The VAS pain scale is widely used by clinicians to gauge postoperative pain. A clinically relevant decrease in VAS scores has been estimated to be 9 mm34 to 13 mm,35 or a 30–33% decrease in VAS from baseline.36 This meta-analysis shows a reduction in pain score of greater than 9 mm and greater than 33% in each time point up to 8 hours after surgery, consistent with pain relief that would be clinically meaningful to the patient.34–36
Decreased postoperative pain has been linked to increased patient satisfaction.37,38 Decreased postoperative pain leads to decreased recovery time39 and a decrease in unplanned admission after ambulatory surgery.40,41 These results indicate that by using local anesthetic during interval tubal ligation, physicians can decrease pain in the immediate recovery period and thus may be able to decrease unexpected admissions. In our own hospital, introduction of local anesthetic during tubal ligation in 2006 was followed in the next years by a substantial decrease in unplanned admissions from the postanesthesia care unit as a result of severe postoperative pain. Because many other factors have changed in pain management over the years since these studies were done, we cannot attribute our local decrease in admissions for pain to this intervention alone.
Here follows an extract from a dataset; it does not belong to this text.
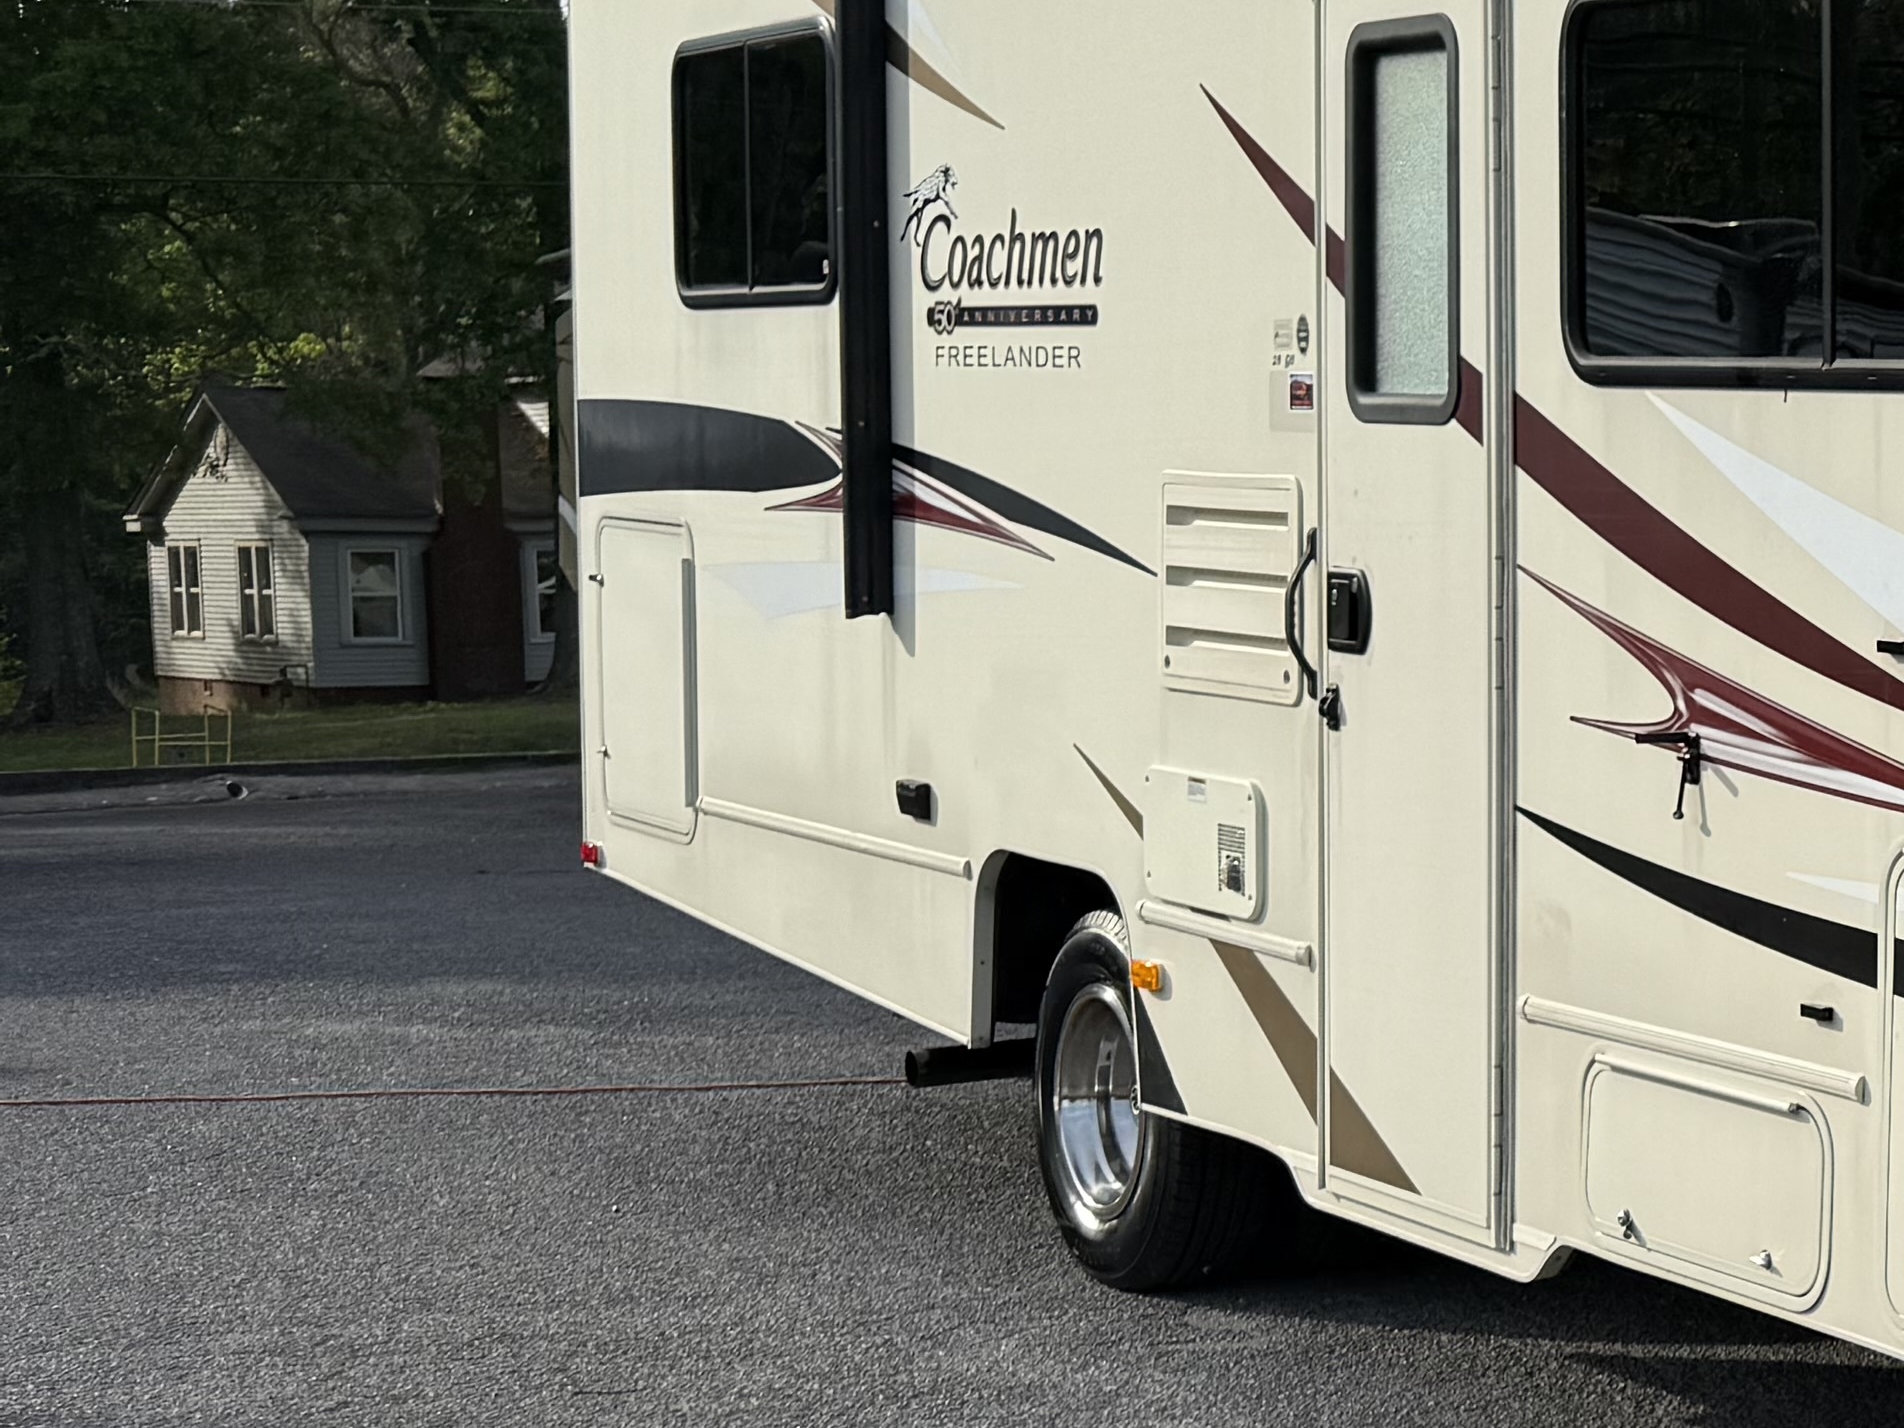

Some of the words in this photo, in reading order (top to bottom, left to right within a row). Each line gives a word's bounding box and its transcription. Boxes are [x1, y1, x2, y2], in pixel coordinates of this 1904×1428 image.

Silicone ring application is somewhat less common in the United States, perhaps because of greater postoperative pain.42,43 Our subanalyses confirmed that the control groups receiving rings had more pain than the control group with clips; however, the addition of local anesthetic brought the pain scores of the ring group to a level equal to the clip group. Therefore, local anesthetic is beneficial to both groups, but more so for patients given rings during tubal ligation. We are unable to comment on electrocautery, because none of the trials using electrocautery met inclusion criteria for this meta-analysis.
As a result of the variety of interventions in these trials, we cannot make a specific recommendation about the drug or dosage of local anesthetic to use in tubal ligations. The results of the subanalyses demonstrated no evidence of a greater benefit with the use of long-acting anesthetic, or administering the anesthetic topically, through injection or in the peritoneal space.
We made several assumptions in this meta-analysis. Grouping the time points was necessary to synthesize the results of all 20 trials but may have led to some errors in classifying the time of pain score measurements. To be able to use all 20 studies in the meta-analysis, we estimated means from the medians. We also assumed pain scores on the 0–5 Modified McGill Pain Scale could be converted to the VAS by multiplying by a conversion factor of 20. Our subgroup analyses showed the magnitude of the difference in pain scores between the treatment and placebo groups was similar whether studies reported means or medians or whether they used VAS or the Modified McGill Pain Scale. We also restricted our search criteria to only published, English language studies. It is possible there are unpublished trials or trials published in other languages that are omitted from this meta-analysis.
This meta-analysis demonstrates the effectiveness of using a local anesthetic to reduce postoperative pain in patients undergoing laparoscopic tubal ligation under general anesthesia. We recommend using this intervention in patients undergoing tubal ligation to decrease discomfort after surgery. This simple, inexpensive, and quick intervention may increase patient satisfaction as well as be more cost-effective for hospitals.